To summarise so far, I think those in the developer ‘camp’ largely welcome the move and will look to the effect on the games sales performance to see whether they can follow Activision’s lead. After all, it wasn’t that long ago when we were regularly selling new release titles (not always triple A either – Turok on N64 anyone?!?!?) for north of £60.

The retail camp (for me at least) seems to fall into two sub-categories – those who take the view that increasing prices is anti-consumer and those who support price increases on the basis that they would like to return to the hey day of video gaming when they could charge the earth and the customer wouldn’t bat an eye!

So – three different views then. In camp one, developers (and publishers with them) argue that they are struggling to make profits in today’s crowded and competitive gaming market, so the move to increase prices is only natural if they are to survive. Of course, some have already done so – citing the currency fluctuations against the UK market as the reason for doing this. Nintendo’s Wii console increased in price to the trade earlier in the year and whilst we haven’t seen an increase in the retail price, there has certainly been less aggressive discounting and bundling on the Wii this year – even though the console is now available as free stock. I understand why developers and publishers are struggling but to a certain extent this situation is of their own making. For the last five years publishers have fought with each other to be the number one. EA for a long time held this crown and Ubisoft and SEGA have been pretenders to the thrown – all at one point or another at pains to point out to all who will listen that their market share is growing or was number 1 in the year so far or has been increasing year on year – or whatever. To drive this growth, they have been happy to commission title after title that is effectively a re-hash of a previous years franchise and publish licence after licence that is just a re-skinning of the same game with a different IP. So when gamers see this year after year, being asked to fork out more and more, they are bound to expect to pay less and less.
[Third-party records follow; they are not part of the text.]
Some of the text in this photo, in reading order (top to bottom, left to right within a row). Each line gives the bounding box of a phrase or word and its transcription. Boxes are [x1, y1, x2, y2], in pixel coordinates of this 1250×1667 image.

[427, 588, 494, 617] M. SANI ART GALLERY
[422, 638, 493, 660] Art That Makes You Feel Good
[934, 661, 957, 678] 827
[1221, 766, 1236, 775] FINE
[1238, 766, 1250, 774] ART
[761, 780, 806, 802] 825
Supermarkets (and large generalist retailers) shall be know as camp two, and for years have played the role of the consumer champion so were happy to cater to this demand to pay less. By beating up the supply chain, as they have done in so many other industries, they could maintain their margins whilst offering the same to the consumer for less. Publishers offering marketing credits, campaign payments, volume discounts etc are only fanning the fire. Any retail buyer worth his or her salt will use the number of store fronts they have as a big battering ram on the publishers door. Give me the deal I want or I won’t give you the shelf space, store coverage etc you need for your second rate 2008 re-hash of four year old IP!!! Sounds harsh? – perhaps a little in the language but the point remains that as the quantity of titles published increases, the quality must diminish, and therefore the average price will too.
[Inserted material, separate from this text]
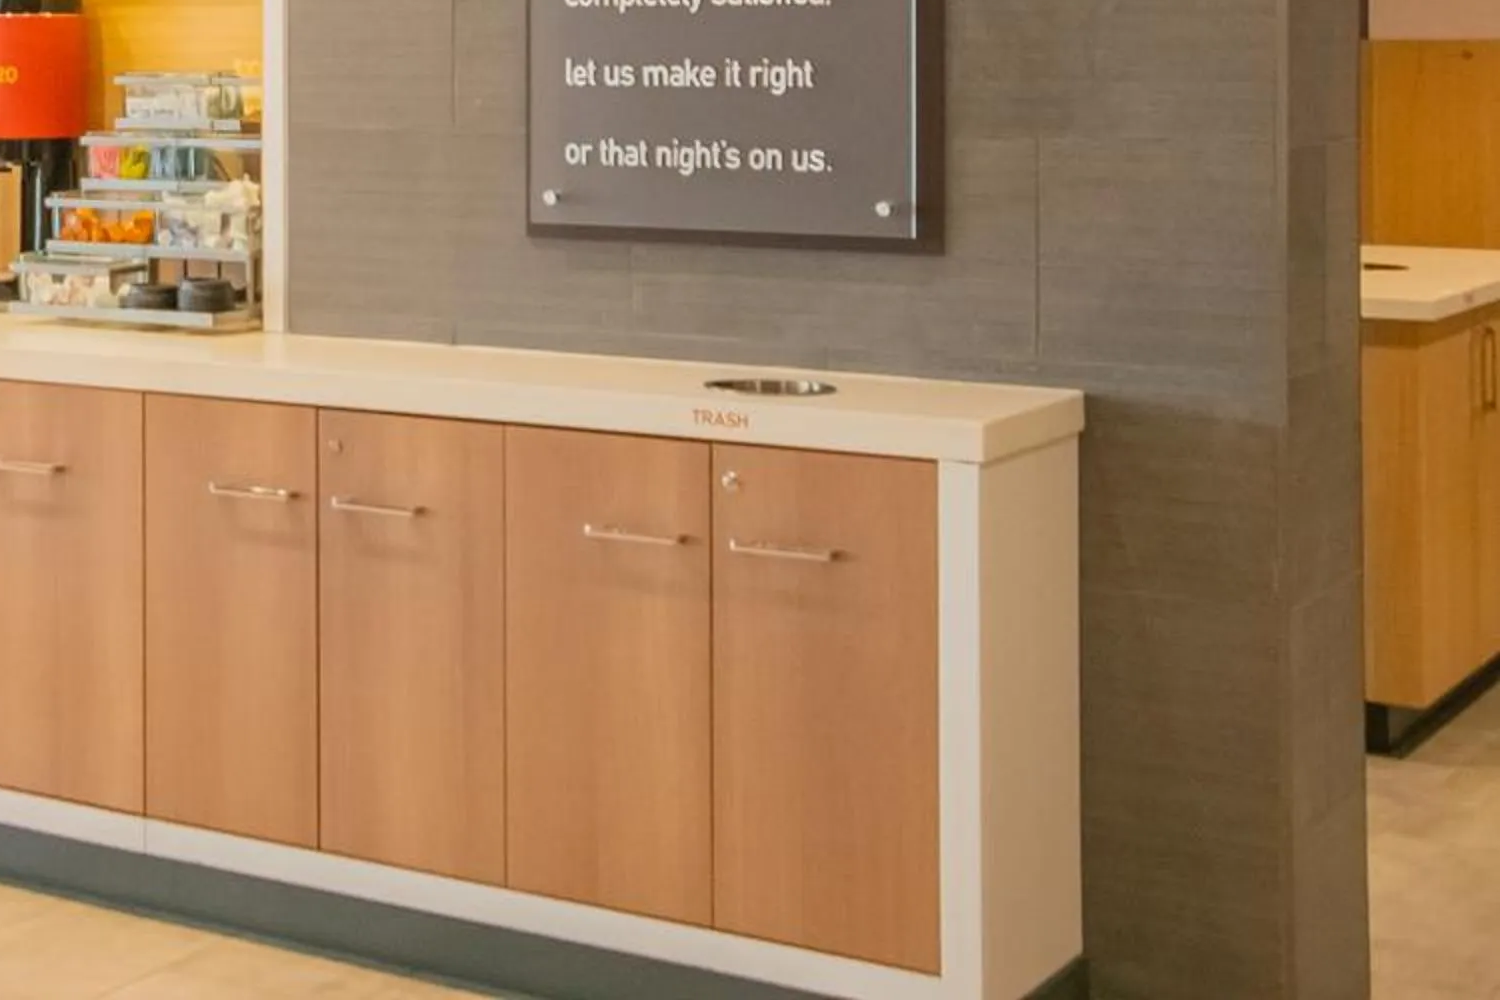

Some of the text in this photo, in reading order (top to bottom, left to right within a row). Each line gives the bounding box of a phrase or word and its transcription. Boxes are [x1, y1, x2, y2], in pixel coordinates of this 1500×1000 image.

[565, 57, 814, 97] let us make it right
[564, 136, 833, 177] or that night's on us.
[692, 408, 750, 429] TRASH
Don’t get me wrong – I have been as guilty as the next buyer. This is not a criticism per-se – more an observation. Economies of scale rule in the open market. Many would also argue – and I would be inclined to agree – that this is simply a sign of a maturing market and that market forces are coming to bear as technology barriars fall. More developers can do the work that only a select view were able to in the past, but that is nothing different to what has happened in a thousand other markets that have developed since time immemorial.
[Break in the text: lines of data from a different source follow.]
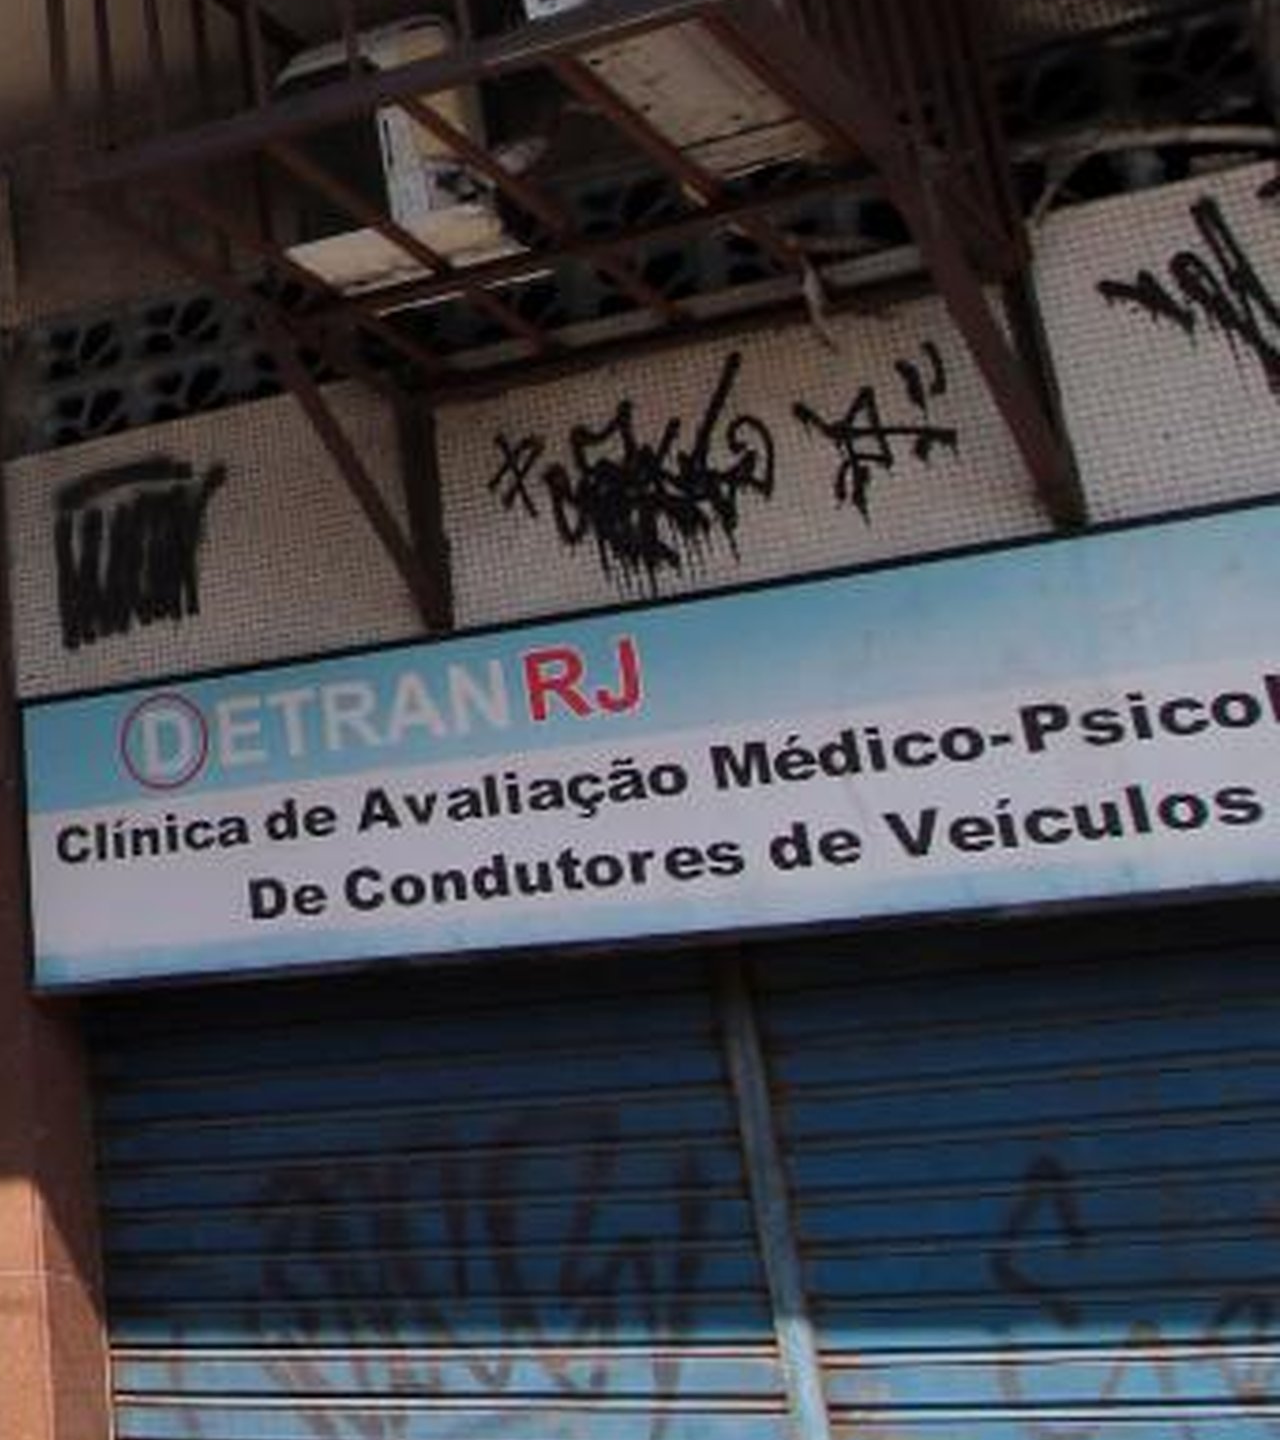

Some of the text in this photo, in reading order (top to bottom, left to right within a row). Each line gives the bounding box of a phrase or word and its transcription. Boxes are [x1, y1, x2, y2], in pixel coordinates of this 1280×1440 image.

[140, 660, 509, 779] DETRAN
[56, 810, 249, 865] Clínica
[264, 799, 336, 841] de
[359, 755, 688, 832] Avaliação
[248, 785, 1264, 921] De Condutores de Veículos
Camp three is the indie camp – watching all this from the outside looking in, hoping beyond hope that maybe at last after years of decline we might see an opportunity to charge customers more than we actually pay for games and make a bit of profit on new games for once. After all, those of us still here (or like Playtime, here but not in their original guise) and can remember back to the launch of the PS1 and the N64 (and others) would relish the opportunity to make those sorts of profits on new releases once again. Some have even linked this to the ‘old debate’ that keeps on raging, that is pre-owned games. After all, if we could make money on new releases again, then we wouldn’t need to offer the pre-owned route to our customers, would we. After all, it is a lot more complicated and costly to do in-store than simply selling 100’s of new release titles on release day at full retail and making 30% on each one.

But this is the nub of the issue – the market isn’t the same as it was 10 years ago. Things have moved on. Supermarkets have entered the game of selling games, general retailers too. They have taken customers away from specialists in the only ways they can – offering price and convenience advantages. Publishers (with developers in tow) fed this by conceding to retailers supply chain demands as they chased their own goals of growth and market share. Activision’s attempt to increase prices surely is a last resort in the face of inevitable downward price pressure. There can’t be any going back to the old days…..?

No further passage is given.